## MATERIAL SHOWN
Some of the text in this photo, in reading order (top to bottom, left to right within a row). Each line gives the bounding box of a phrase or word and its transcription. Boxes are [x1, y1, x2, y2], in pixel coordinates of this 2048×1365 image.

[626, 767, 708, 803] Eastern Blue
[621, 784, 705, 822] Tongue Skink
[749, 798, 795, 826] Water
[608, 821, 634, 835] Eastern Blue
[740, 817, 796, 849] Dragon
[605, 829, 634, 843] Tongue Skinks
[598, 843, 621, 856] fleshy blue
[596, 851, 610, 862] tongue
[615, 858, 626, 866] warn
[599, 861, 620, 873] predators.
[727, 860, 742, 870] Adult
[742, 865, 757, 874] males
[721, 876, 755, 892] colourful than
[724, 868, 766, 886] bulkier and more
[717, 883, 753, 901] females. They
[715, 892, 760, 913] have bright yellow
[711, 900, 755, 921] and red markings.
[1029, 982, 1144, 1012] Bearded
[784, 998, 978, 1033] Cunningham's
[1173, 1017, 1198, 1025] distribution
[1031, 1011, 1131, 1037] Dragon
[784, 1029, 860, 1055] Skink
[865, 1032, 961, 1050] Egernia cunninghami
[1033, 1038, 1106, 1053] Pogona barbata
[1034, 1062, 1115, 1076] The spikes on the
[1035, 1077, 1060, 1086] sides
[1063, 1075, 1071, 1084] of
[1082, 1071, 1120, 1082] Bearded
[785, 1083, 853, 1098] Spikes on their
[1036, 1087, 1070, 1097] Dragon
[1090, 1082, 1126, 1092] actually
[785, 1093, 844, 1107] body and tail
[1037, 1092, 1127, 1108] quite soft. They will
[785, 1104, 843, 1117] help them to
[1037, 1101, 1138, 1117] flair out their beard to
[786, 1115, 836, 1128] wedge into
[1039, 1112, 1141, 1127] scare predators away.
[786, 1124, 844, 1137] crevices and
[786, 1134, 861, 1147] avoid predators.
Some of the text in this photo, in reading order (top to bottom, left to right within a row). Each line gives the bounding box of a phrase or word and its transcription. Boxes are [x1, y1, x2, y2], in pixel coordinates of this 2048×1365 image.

## TASK STATEMENT
Every line of the listing should be printed again exactly.

## RESPONSE BELOW
Some of the text in this photo, in reading order (top to bottom, left to right within a row). Each line gives the bounding box of a phrase or word and its transcription. Boxes are [x1, y1, x2, y2], in pixel coordinates of this 2048×1365 image.

[626, 767, 708, 803] Eastern Blue
[621, 784, 705, 822] Tongue Skink
[749, 798, 795, 826] Water
[608, 821, 634, 835] Eastern Blue
[740, 817, 796, 849] Dragon
[605, 829, 634, 843] Tongue Skinks
[598, 843, 621, 856] fleshy blue
[596, 851, 610, 862] tongue
[615, 858, 626, 866] warn
[599, 861, 620, 873] predators.
[727, 860, 742, 870] Adult
[742, 865, 757, 874] males
[721, 876, 755, 892] colourful than
[724, 868, 766, 886] bulkier and more
[717, 883, 753, 901] females. They
[715, 892, 760, 913] have bright yellow
[711, 900, 755, 921] and red markings.
[1029, 982, 1144, 1012] Bearded
[784, 998, 978, 1033] Cunningham's
[1173, 1017, 1198, 1025] distribution
[1031, 1011, 1131, 1037] Dragon
[784, 1029, 860, 1055] Skink
[865, 1032, 961, 1050] Egernia cunninghami
[1033, 1038, 1106, 1053] Pogona barbata
[1034, 1062, 1115, 1076] The spikes on the
[1035, 1077, 1060, 1086] sides
[1063, 1075, 1071, 1084] of
[1082, 1071, 1120, 1082] Bearded
[785, 1083, 853, 1098] Spikes on their
[1036, 1087, 1070, 1097] Dragon
[1090, 1082, 1126, 1092] actually
[785, 1093, 844, 1107] body and tail
[1037, 1092, 1127, 1108] quite soft. They will
[785, 1104, 843, 1117] help them to
[1037, 1101, 1138, 1117] flair out their beard to
[786, 1115, 836, 1128] wedge into
[1039, 1112, 1141, 1127] scare predators away.
[786, 1124, 844, 1137] crevices and
[786, 1134, 861, 1147] avoid predators.
Some of the text in this photo, in reading order (top to bottom, left to right within a row). Each line gives the bounding box of a phrase or word and its transcription. Boxes are [x1, y1, x2, y2], in pixel coordinates of this 2048×1365 image.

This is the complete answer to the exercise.